Matanza en Las Vegas
Esta locura armamentística conlleva consecuencias fatales de grandes proporciones.
Periódicamente en EEUU se reeditan matanzas protagonizadas por civiles armados hasta los dientes. Y cada vez que ocurre una de estas tragedias, surge la pregunta de cómo es posible que en un país donde rige el Estado de derecho persiste la venta libre de armas de fuego, tomando en cuenta la elevada probabilidad de que caigan en manos de personas perturbadas y/o criminales.
En la última masacre, registrada el domingo en Las Vegas, al menos 59 personas murieron y más de 500 resultaron heridas luego de que Stephen Paddock, un hombre blanco retirado de 64 años, abriera fuego contra más de 20.000 personas que disfrutaban de un festival de música country, organizado en un extenso campo al aire libre al lado de su hotel. Según consigna la prensa internacional, desde su habitación, ubicada estratégicamente en el piso 32 a 400 metros del concierto, Paddock acribilló durante 10 minutos a los espectadores antes de suicidarse. La Policía encontró en su habitación 19 rifles, dos con mira telescópica.
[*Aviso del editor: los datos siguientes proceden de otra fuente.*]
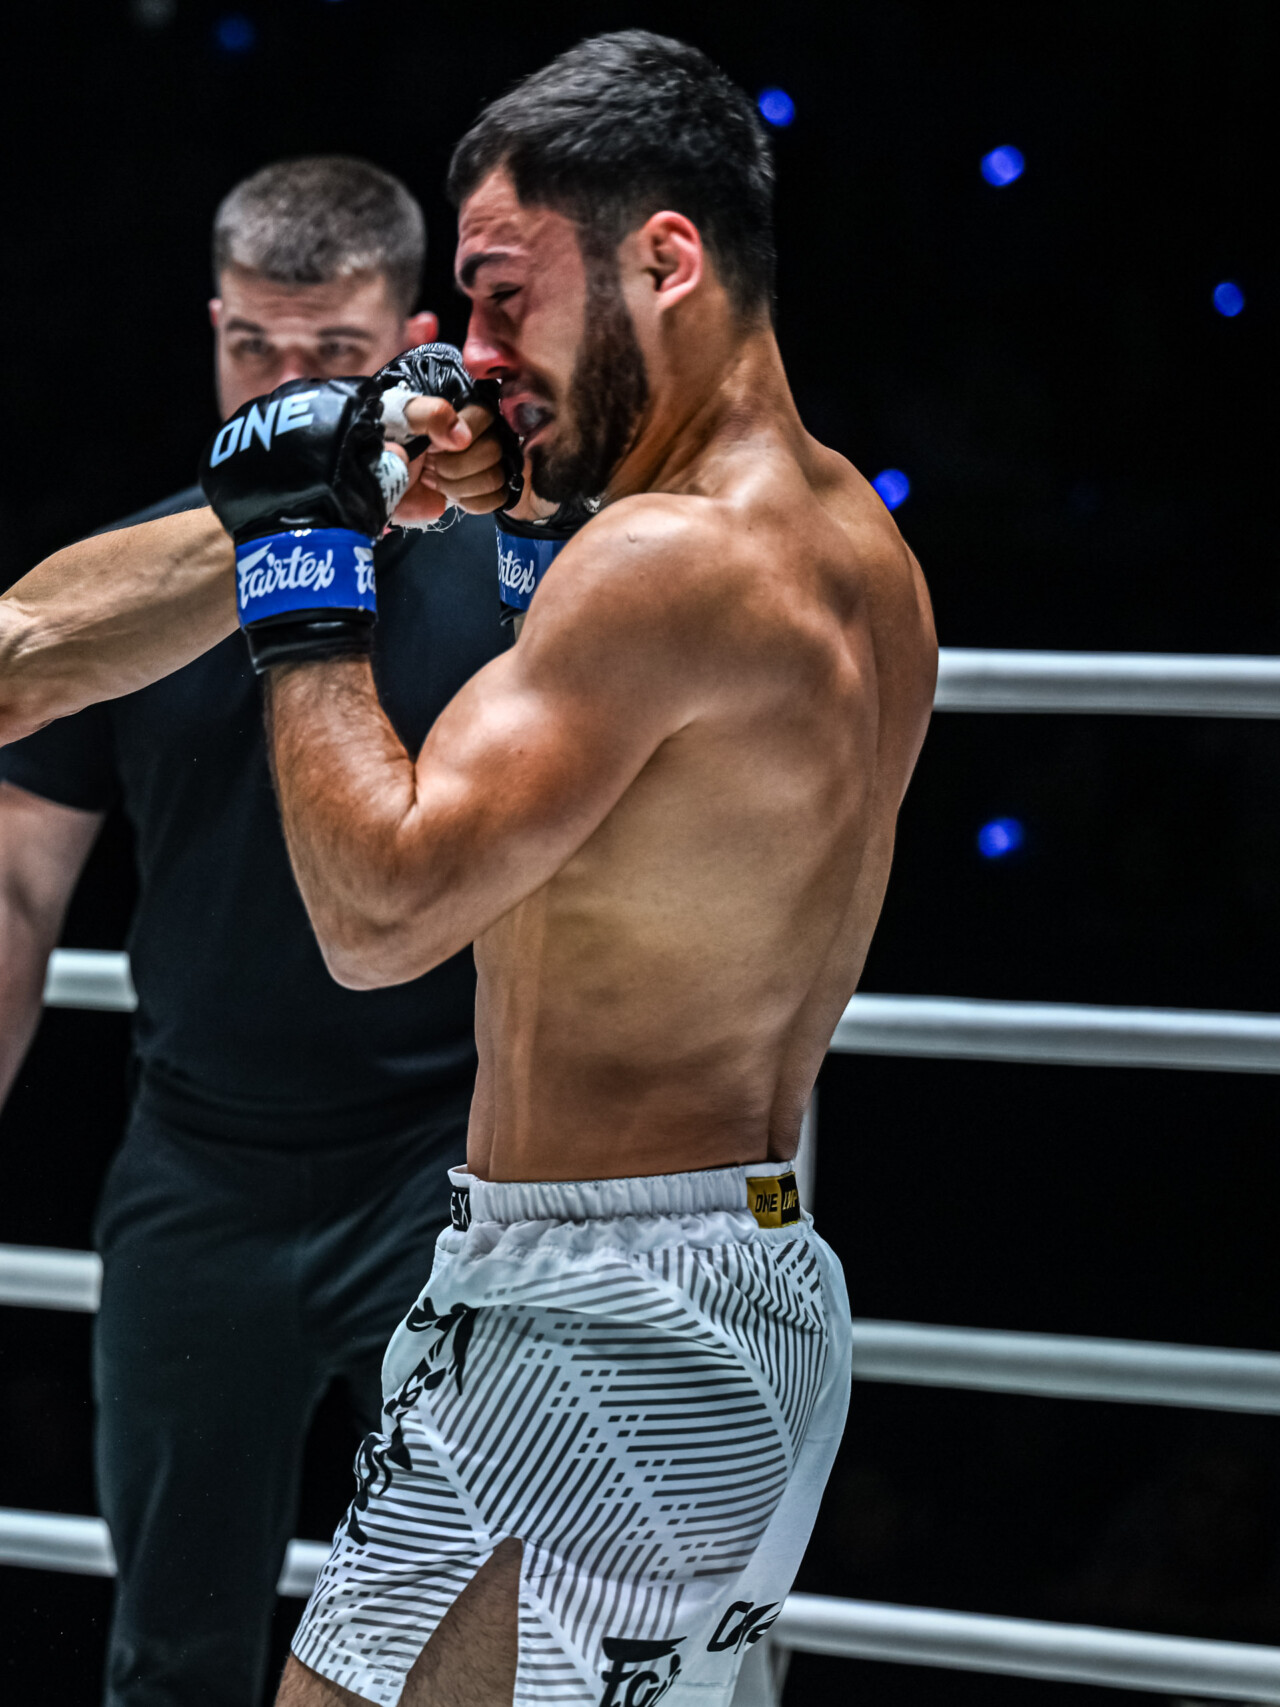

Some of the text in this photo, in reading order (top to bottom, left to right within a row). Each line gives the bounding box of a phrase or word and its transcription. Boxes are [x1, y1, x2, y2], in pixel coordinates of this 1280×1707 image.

[209, 390, 321, 468] ONE
[236, 542, 335, 608] Fairtex
[755, 1191, 778, 1213] ONE
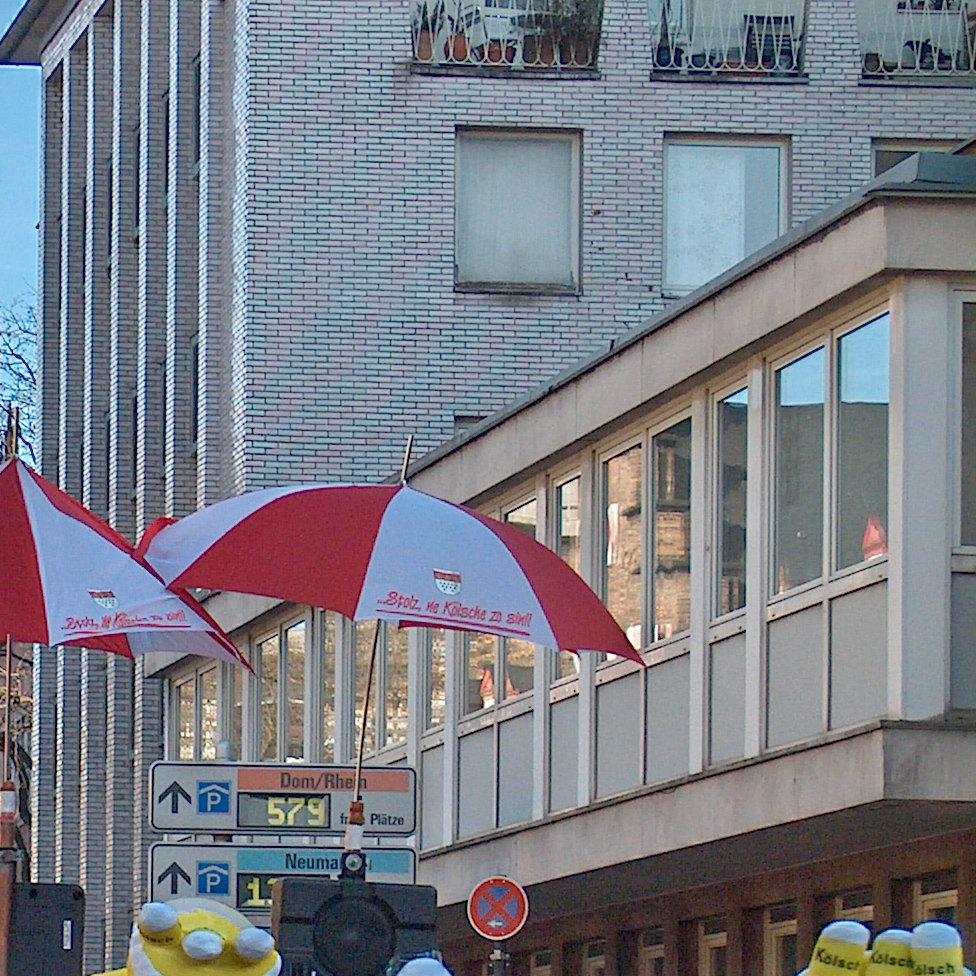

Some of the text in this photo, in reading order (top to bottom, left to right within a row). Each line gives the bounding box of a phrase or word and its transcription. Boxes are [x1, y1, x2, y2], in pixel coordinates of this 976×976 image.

La magnitud de esta tragedia, perpetrada por una sola persona, permite vislumbrar el mortal potencial del armamento militar que está al alcance de casi cualquier ciudadano estadounidense, como si se encontrasen inmersos en una guerra de gran envergadura. De hecho, se estima que al menos 310 millones de armas están en manos de la sociedad civil norteamericana, la mitad del total de armas de fuego que existen en todo el planeta.
Como es de suponer, esta locura armamentística conlleva consecuencias fatales de grandes proporciones, y no solamente porque muchas de estas armas están en manos de quienes buscan delinquir antes que defenderse, sino también porque estos artefactos no han sido diseñados precisamente para resguardar “la paz mundial” y la armonía de los hogares. Por ejemplo, según estimaciones de la Campaña Brady, cada año mueren 33.800 personas por disparos de armas de fuego en Estados Unidos (93 al día); 11.600 de ellos menores de 17 años. Del total de fallecidos, unos 20.000 corresponden a suicidios, 12.000 son asesinatos y el resto, accidentes. Además, 81.000 ciudadanos sobreviven cada año tras recibir disparos.
A pesar de estas cifras de escándalo y de las innumerables voces que piden que se restrinja la venta de armas en Estados Unidos, el Gobierno norteamericano no ha logrado hasta ahora contrarrestar el avance de este macabro negocio. Ello debido a la descomunal influencia que ejercen los grupos de poder detrás de la industria armamentística, principalmente a través de la poderosa Asociación del Rifle (NRA), que cada año gasta millones de dólares para asegurarse la elección de congresistas, particularmente republicanos, afines a sus intereses. Intereses que dicho sea de paso se oponen a las obligaciones fundamentales de los servidores públicos, como son el garantizar la vida de los niños en particular y de todas las personas en general.